Quantizing with llama.cpp

# Step 1: Convert HuggingFace model to GGUF
python convert_hf_to_gguf.py \
    /models/llama-2-7b-hf \
    --outfile llama-2-7b-f16.gguf \
    --outtype f16

# Step 2: Quantize (basic)
./llama-quantize llama-2-7b-f16.gguf llama-2-7b-Q4_K_M.gguf Q4_K_M

# Step 3: Quantize with importance matrix (better quality!)
# First, generate importance matrix from calibration data
./llama-imatrix \
    -m llama-2-7b-f16.gguf \
    -f wiki.train.raw \
    -o imatrix.dat \
    --chunks 200

# Then quantize using importance data
./llama-quantize \
    --imatrix imatrix.dat \
    llama-2-7b-f16.gguf \
    llama-2-7b-IQ4_XS.gguf \
    IQ4_XS

# Step 4: Test perplexity
./llama-perplexity \
    -m llama-2-7b-Q4_K_M.gguf \
    -f wiki.test.raw

5. SqueezeLLM and QuIP# — Beyond Standard Quantization

SqueezeLLM — Non-Uniform Quantization

SqueezeLLM (Kim et al., 2024) observes that weight distributions are non-uniform and uses k-means clustering to find optimal quantization centroids instead of uniform grid points:

$$\min_{\{c_1, \ldots, c_{2^b}\}} \sum_i s_i \cdot (w_i - c_{k_i})^2$$

where $s_i$ is the sensitivity (Hessian diagonal) and $c_{k_i}$ is the nearest centroid.

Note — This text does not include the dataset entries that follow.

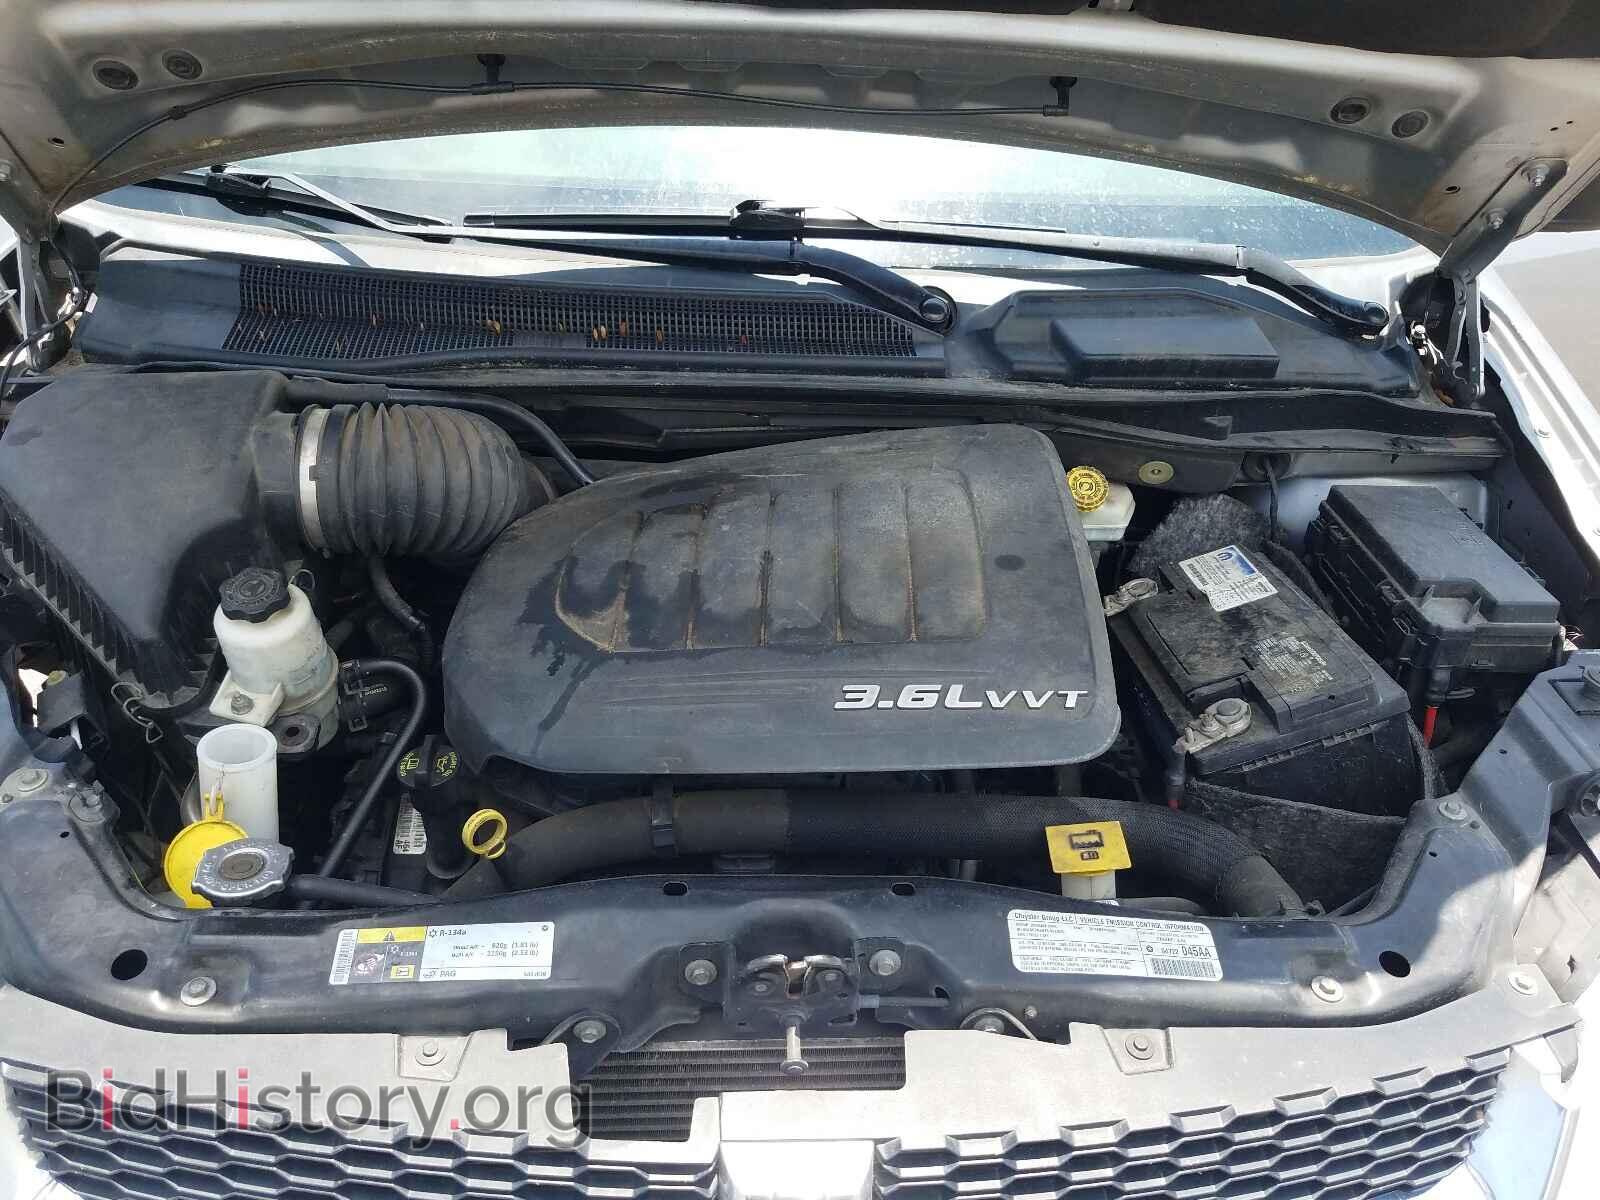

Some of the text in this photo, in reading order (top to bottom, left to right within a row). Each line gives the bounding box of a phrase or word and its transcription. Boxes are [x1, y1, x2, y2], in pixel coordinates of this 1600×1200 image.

[834, 684, 1089, 709] 3.6L VVT
[1135, 921, 1161, 929] CONTROL
[1164, 923, 1204, 931] INFORMATION
[439, 928, 467, 936] R-134a
[1181, 946, 1212, 957] 045AA

Uniform vs Non-Uniform Quantization
═══════════════════════════════════════════════════════════════

  Weight distribution (typical LLM layer):
                    ▄▄
                   ▄██▄
                  ▄████▄
                 ▄██████▄
                ▄████████▄
           ▄▄▄▄██████████▄▄▄▄
  ─────────────────────────────────────── value
         -0.1        0        +0.1

  Uniform 4-bit (16 levels):
  ──┼──┼──┼──┼──┼──┼──┼──┼──┼──┼──┼──┼──┼──┼──┼──┼──
    Evenly spaced → wastes levels on sparse tails

  Non-uniform (k-means, 16 centroids):
  ─────────┼┼┼┼┼┼┼┼┼┼┼┼──────┼──────┼──
           More levels where data is dense
           → 0.1-0.3 perplexity improvement

QuIP# — Incoherence Processing

QuIP# (Tseng et al., 2024) randomizes the weight matrix with orthogonal transformations to spread outliers, enabling near-optimal 2-bit quantization:

$$W_{\text{quantized}} = Q_{\text{lattice}}(U^T W V)$$

where $U, V$ are random orthogonal (Hadamard) matrices and $Q_{\text{lattice}}$ is E8 lattice quantization.

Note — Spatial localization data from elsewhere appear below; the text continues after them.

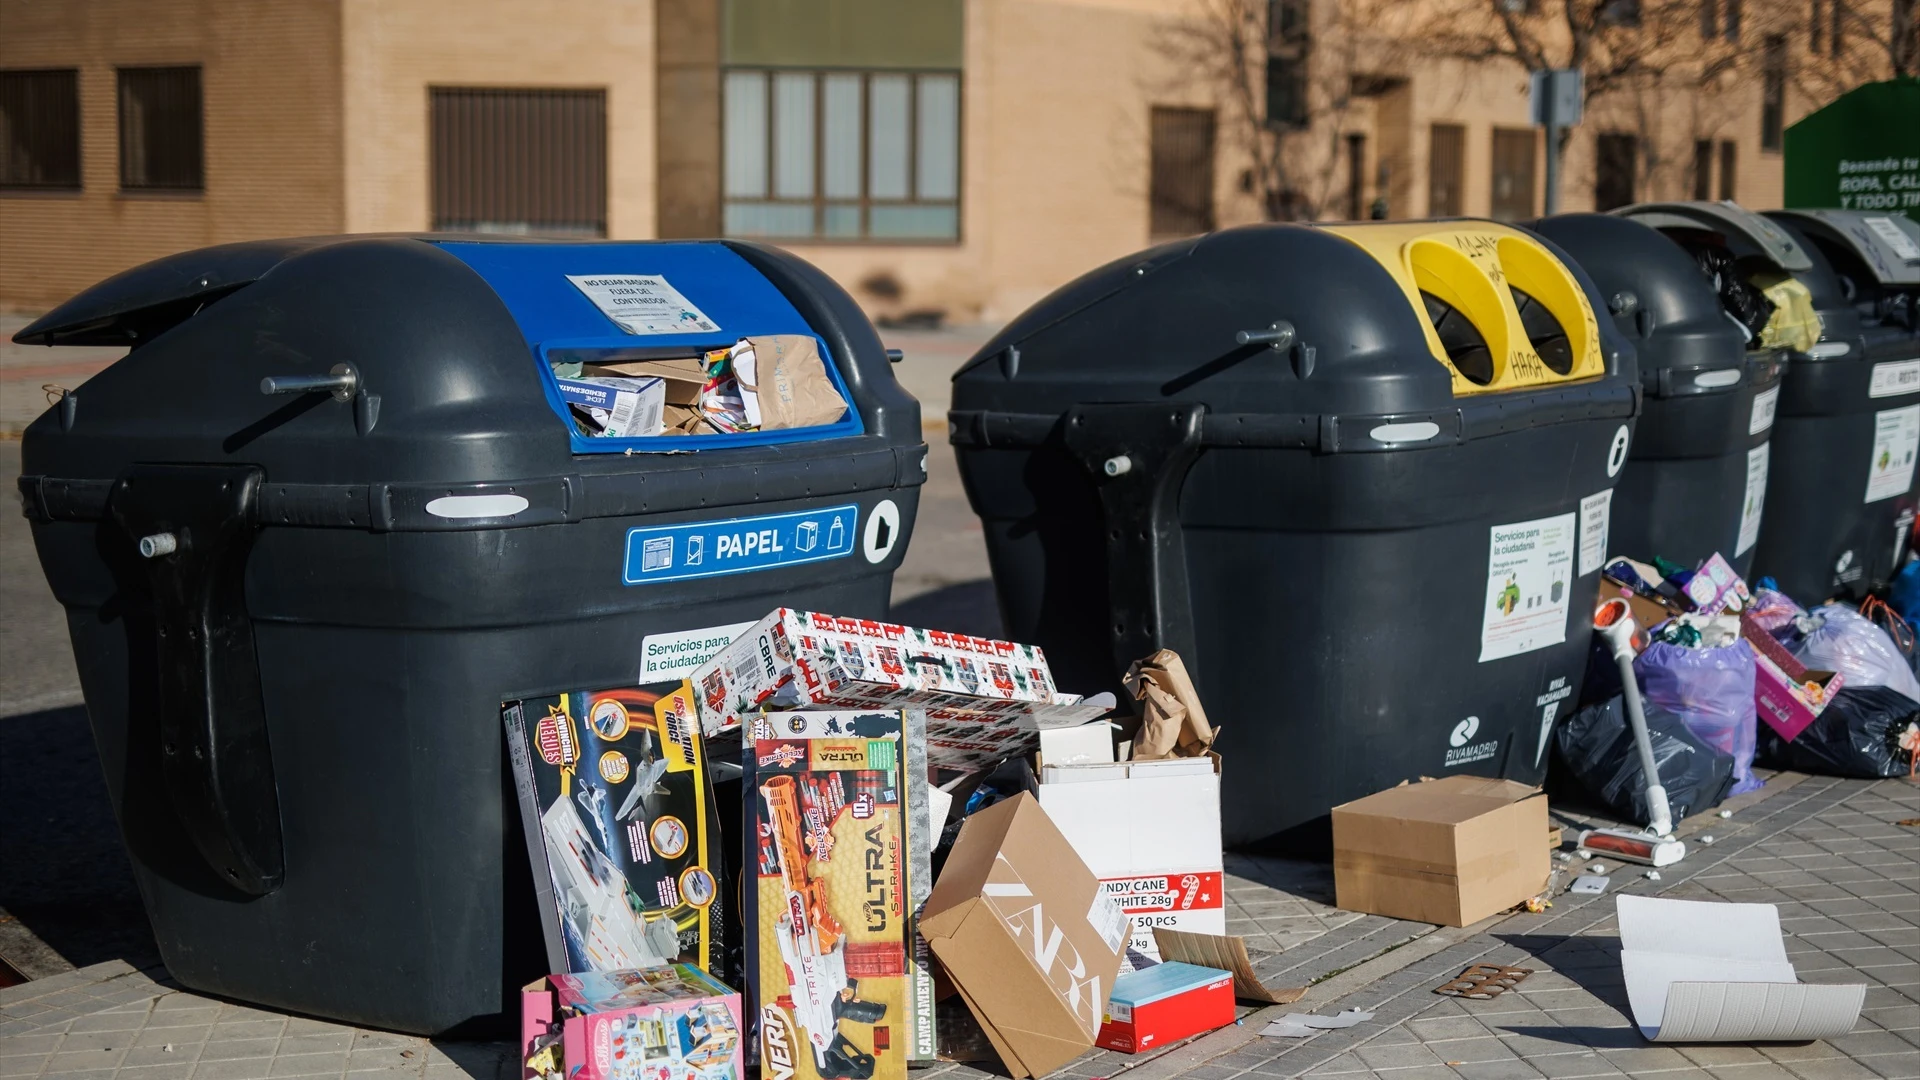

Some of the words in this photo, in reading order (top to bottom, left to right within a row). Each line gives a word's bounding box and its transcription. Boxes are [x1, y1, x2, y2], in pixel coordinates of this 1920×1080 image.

[1888, 174, 1920, 190] CAL
[1856, 193, 1898, 210] TODO
[585, 395, 606, 405] LECHE
[716, 529, 784, 559] PAPEL
[1495, 529, 1525, 543] Servicios
[1526, 528, 1540, 541] para
[1494, 545, 1501, 555] la
[648, 639, 703, 656] Servicios
[704, 636, 730, 651] para
[647, 660, 657, 672] la
[758, 635, 777, 679] CBRE
[1549, 676, 1566, 691] RIVAS
[673, 696, 687, 721] USS
[664, 710, 681, 744] FORCE
[540, 718, 562, 765] HEROES
[556, 715, 573, 764] INVINCIBLE
[677, 719, 696, 765] AVIATION
[818, 753, 864, 762] ULTRA
[1446, 740, 1498, 761] RIVAMADRID
[865, 821, 887, 932] ULTRA
[889, 840, 899, 912] STRIKE
[1106, 882, 1131, 892] NDY
[1133, 880, 1165, 891] CANE
[1151, 895, 1171, 907] 28g
[1137, 916, 1153, 927] 50
[1156, 916, 1176, 926] PCS
[982, 851, 1102, 1039] ZARA
[1136, 938, 1147, 948] kg
[803, 956, 820, 1006] STRIKE
[916, 960, 931, 1055] CAMPAMENTO
[761, 1006, 795, 1080] NERF

Method 2-bit PPL 3-bit PPL 4-bit PPL Speed
GPTQ 107.3 6.29 5.63 Fast
AWQ 6.15 5.60 Fast
SqueezeLLM 5.95 5.54 Moderate
QuIP# 8.33 5.72 5.49 Slow

6. Benchmarking: Accuracy vs Speed vs Memory

"""Quantization benchmark framework for LLMs."""

import time
import torch
from transformers import AutoModelForCausalLM, AutoTokenizer
from datasets import load_dataset
import numpy as np

def measure_perplexity(model, tokenizer, dataset_name="wikitext", split="test"):
    """Measure perplexity on standard benchmark."""
    dataset = load_dataset("wikitext", "wikitext-2-raw-v1", split=split)
    encodings = tokenizer("\n\n".join(dataset["text"]), return_tensors="pt")

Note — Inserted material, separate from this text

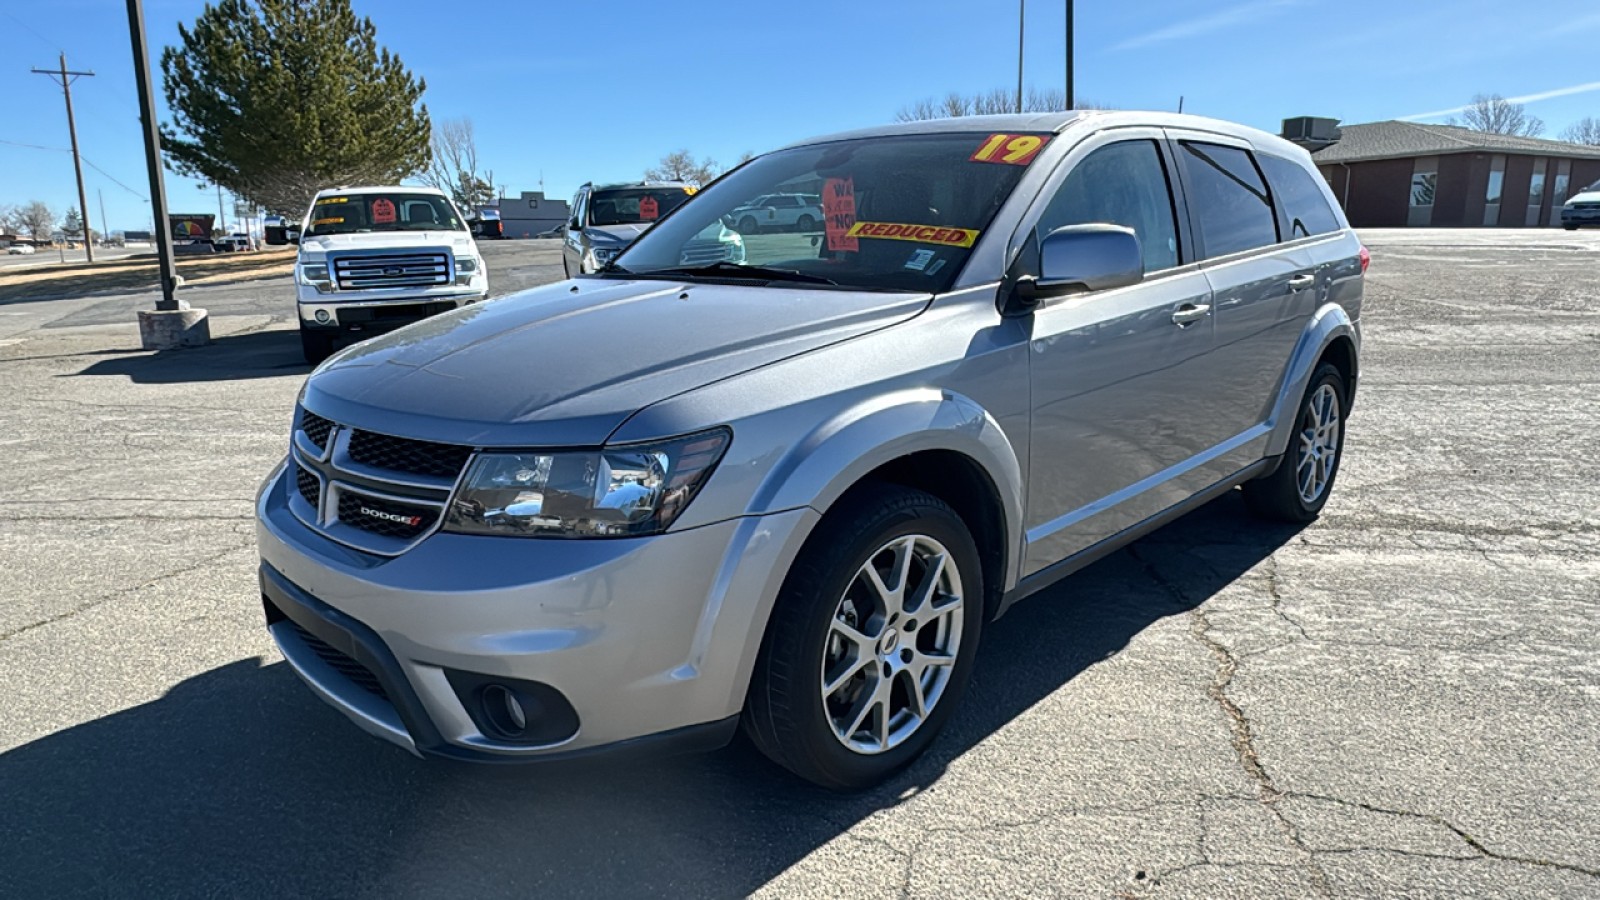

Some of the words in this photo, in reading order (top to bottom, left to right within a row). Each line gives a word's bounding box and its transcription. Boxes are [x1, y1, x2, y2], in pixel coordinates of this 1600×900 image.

[974, 134, 1041, 163] 19
[855, 223, 967, 242] REDUCED
[361, 506, 411, 525] DODGE

    max_length = model.config.max_position_embeddings
    stride = 512
    seq_len = encodings.input_ids.size(1)

    nlls = []
    for begin in range(0, seq_len, stride):
        end = min(begin + max_length, seq_len)
        input_ids = encodings.input_ids[:, begin:end].to(model.device)
        target_ids = input_ids.clone()
        target_ids[:, :-stride] = -100  # mask context

        with torch.no_grad():
            outputs = model(input_ids, labels=target_ids)
            nlls.append(outputs.loss.item())

    ppl = np.exp(np.mean(nlls))
    return ppl

def measure_throughput(model, tokenizer, prompt="Hello", n_tokens=128, n_runs=5):
    """Measure tokens/second generation speed."""
    input_ids = tokenizer(prompt, return_tensors="pt").input_ids.to(model.device)

    # Warmup
    with torch.no_grad():
        model.generate(input_ids, max_new_tokens=10, do_sample=False)

    times = []
    for _ in range(n_runs):
        torch.cuda.synchronize()
        start = time.perf_counter()
        with torch.no_grad():
            model.generate(input_ids, max_new_tokens=n_tokens, do_sample=False)
        torch.cuda.synchronize()
        times.append(time.perf_counter() - start)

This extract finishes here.